Hardly joyful news if you have a few pounds to lose, but don’t panic if you’re developing a paunch- the following could explain why you’re accumulating belly fat, and tips from nutritionist and yoga teacher Libby Limon and fitness specialist Lucy Miller could help you to whittle down your waist once and for all.


Number one rule for conquering abdominal fat? Don’t stress (in fact, make that a rule for life). Libby explains why anxiety can thwart your weight loss efforts:

“Cortisol, the stress hormone, plays a part in laying down central adipose tissue (belly fat), so if you are in a stressed state then it will be very hard to shift. Stress can come from many sources- emotional strain, conflict at work or relationship trouble. Destress by building in yoga practice and mindfulness to your daily routine.”

If you suspect that stress is sabotaging your slimming goals, learn how to master meditation, swot up on calming yoga poses and halt negative thought patterns in their tracks.

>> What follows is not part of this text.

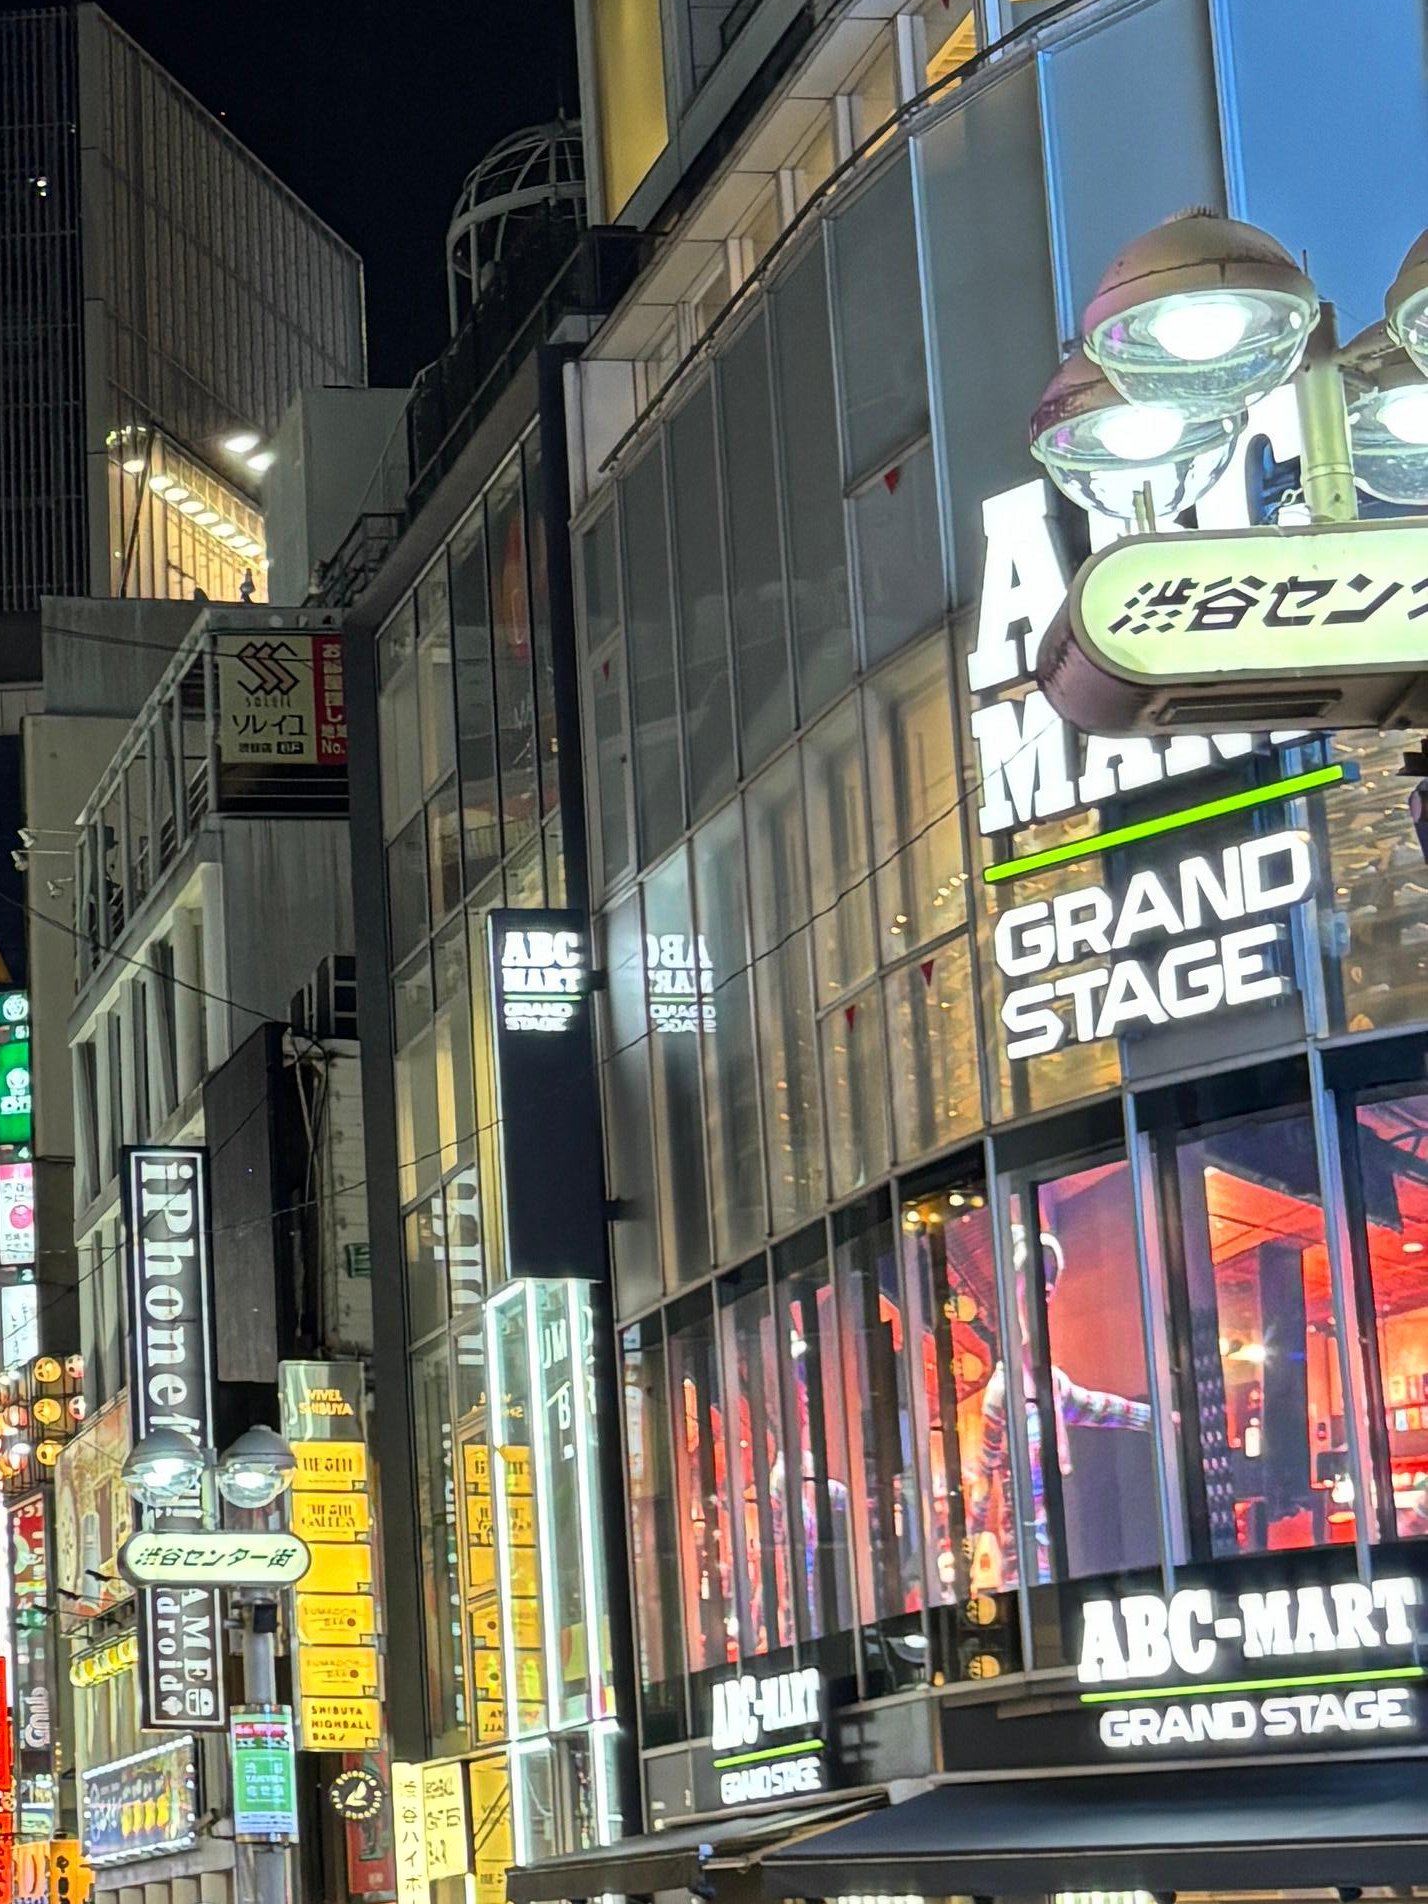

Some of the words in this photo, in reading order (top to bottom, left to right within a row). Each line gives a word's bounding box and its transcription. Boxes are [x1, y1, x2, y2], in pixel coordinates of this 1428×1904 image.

It’s currently public enemy number one, and the link between muffin tops and actual muffins is, unfortunately, stronger than ever. Libby lays down the law:

“Cortisol is also implemented, alongside insulin, in blood sugar control, so a high sugar diet can cause belly fat to stick fast even if you’re restricting calories and trying to lose weight (excessive calorie restriction isn’t something I would recommend anyway.”

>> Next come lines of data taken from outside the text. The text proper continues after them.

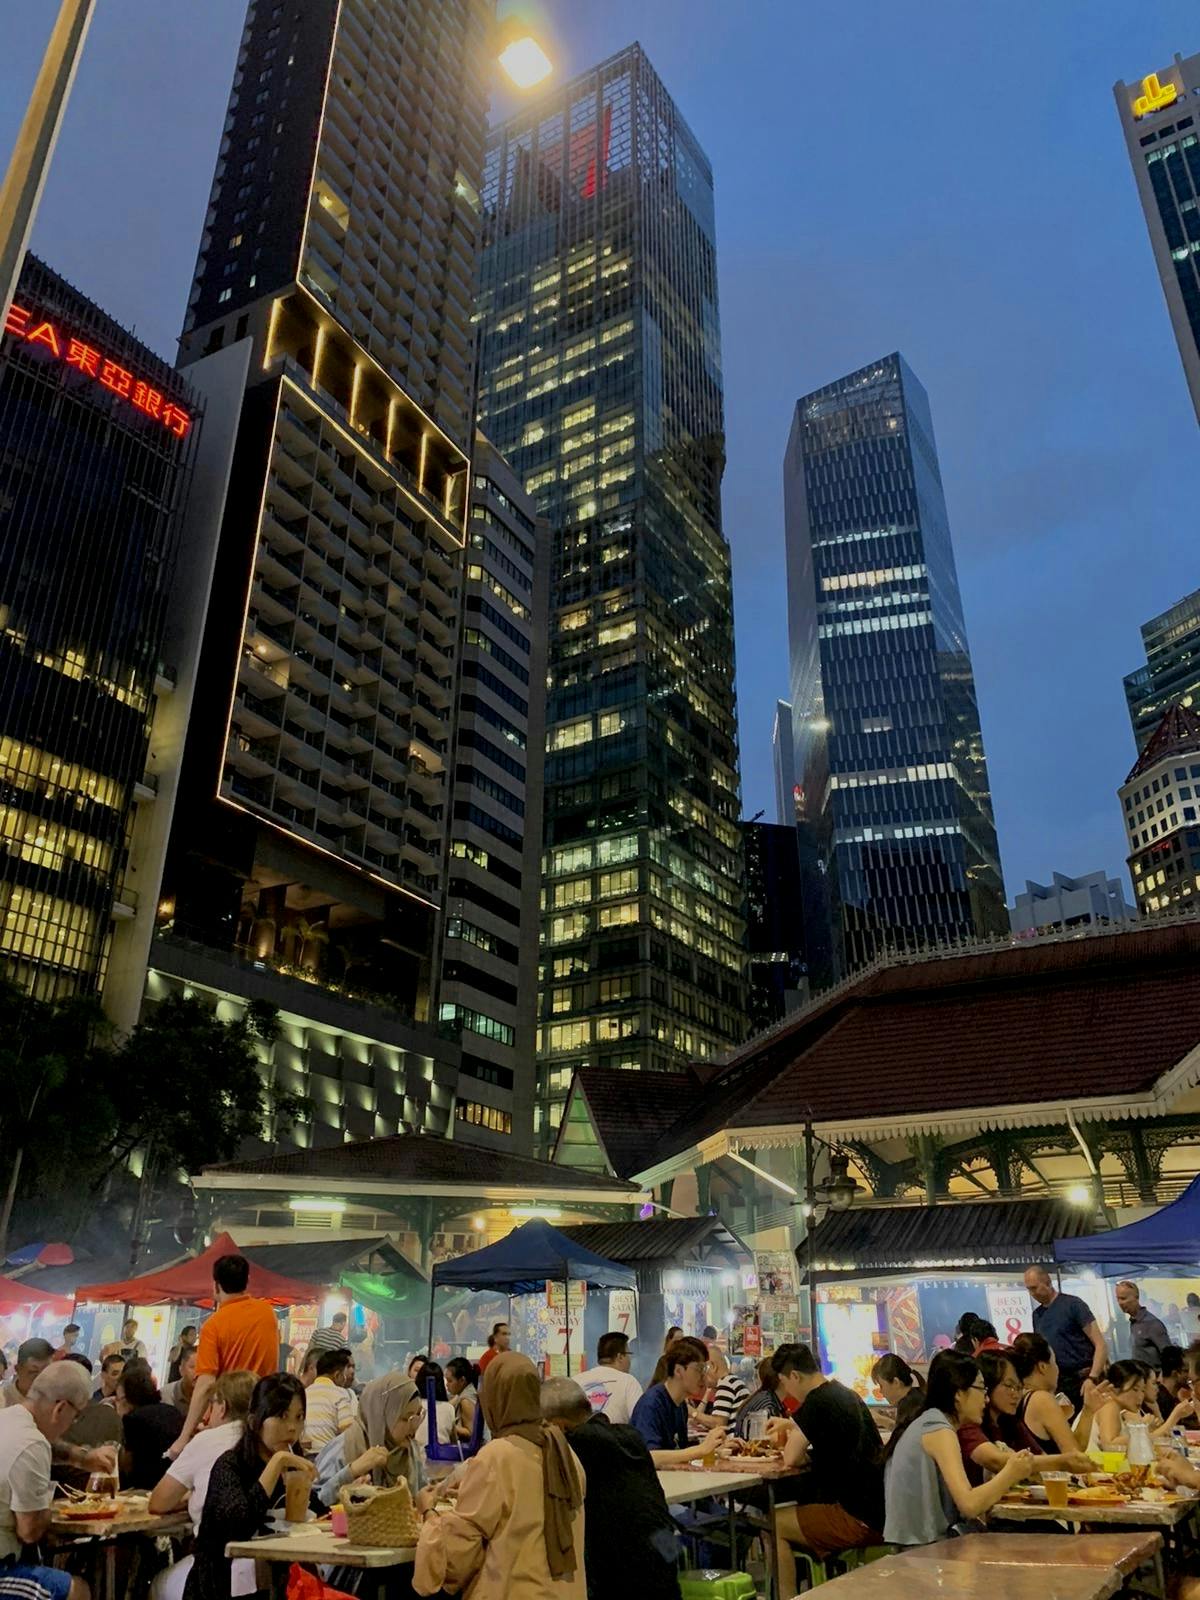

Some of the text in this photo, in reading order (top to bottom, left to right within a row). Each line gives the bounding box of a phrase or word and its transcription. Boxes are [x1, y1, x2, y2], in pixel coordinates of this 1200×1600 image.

[66, 337, 191, 436] 東亞銀行
[997, 1296, 1024, 1306] BEST
[553, 1307, 577, 1316] BEST
[994, 1306, 1028, 1316] SATAY
[549, 1317, 580, 1326] SATAY
[617, 1313, 630, 1333] 7
[1005, 1317, 1022, 1345] 8
[557, 1328, 573, 1354] 7

Personal trainer and obesity campaigner Lucy has some advice for addressing the issue, without going hungry:

“Try to cut down on sugar, saturated fats and white refined foods such as white bread, pasta, rice and potatoes, as they metabolise quickly, resulting in soaring blood sugar levels, which promotes fat storage. Base your diet around lean meats, vegetables and monounsaturated and polyunsaturated fats such as those found in nuts and avocados.”

Sleep deprivation

It’s the c-word again- Libby underlines that ‘a lack of sleep can have a negative effect on cortisol balance’. If you’re struggling to get some shut eye, get to the root of what’s causing your insomnia and learn how to help yourself nod off using expert wellbeing techniques. If you’re in the following situation, however, you’ll be in no doubt as to what’s causing your sleeplessness…

You’re a new mother

First things first, never put pressure on yourself to spring back into shape, and definitely don’t rush things (that goes for weight loss full stop). Your belly has just housed new life and brought a wonder into the world; cut it, and more importantly, yourself, some slack. Up your activity levels slowly- Lucy advocates patience and TLC:

“If you’re a new mum then losing weight from around the tummy can be very hard- hormones take time to settle down and stretched muscles won’t knit back together instantly after pregnancy. it will take time, so give yourself as long as it takes.”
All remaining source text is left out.